What is being asked - Return the whole listing, line for line, without the pictures in it.

══ Given data ══

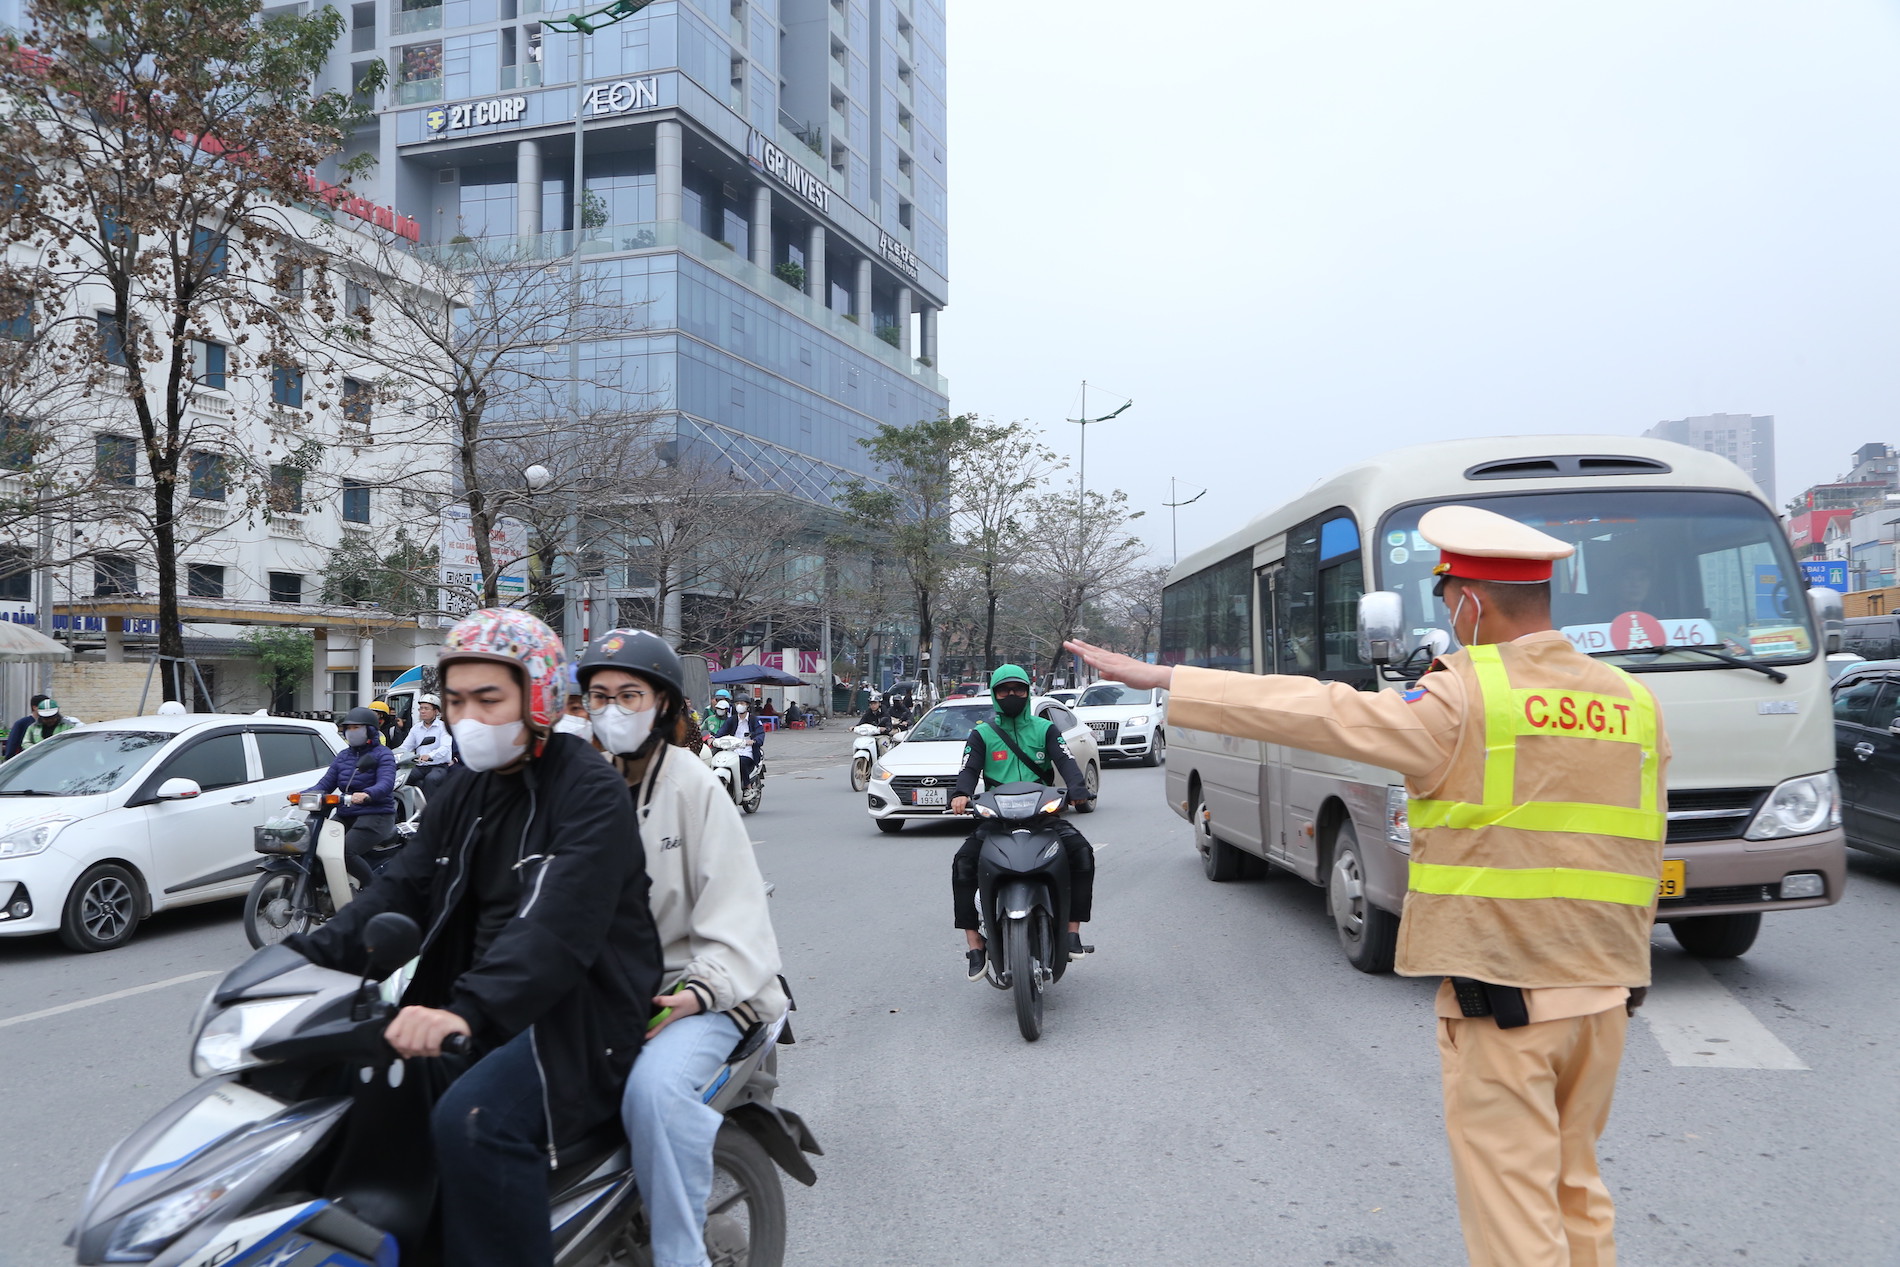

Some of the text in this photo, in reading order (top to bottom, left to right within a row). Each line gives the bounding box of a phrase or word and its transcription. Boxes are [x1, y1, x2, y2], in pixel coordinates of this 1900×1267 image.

[451, 97, 526, 129] 2T CORP
[1673, 624, 1704, 646] 46
[1525, 695, 1630, 735] C.S.G.T
[925, 789, 938, 797] 22A

═══

Result -
Some of the text in this photo, in reading order (top to bottom, left to right within a row). Each line gives the bounding box of a phrase or word and its transcription. Boxes are [x1, y1, x2, y2], in pixel coordinates of this 1900×1267 image.

[451, 97, 526, 129] 2T CORP
[1673, 624, 1704, 646] 46
[1525, 695, 1630, 735] C.S.G.T
[925, 789, 938, 797] 22A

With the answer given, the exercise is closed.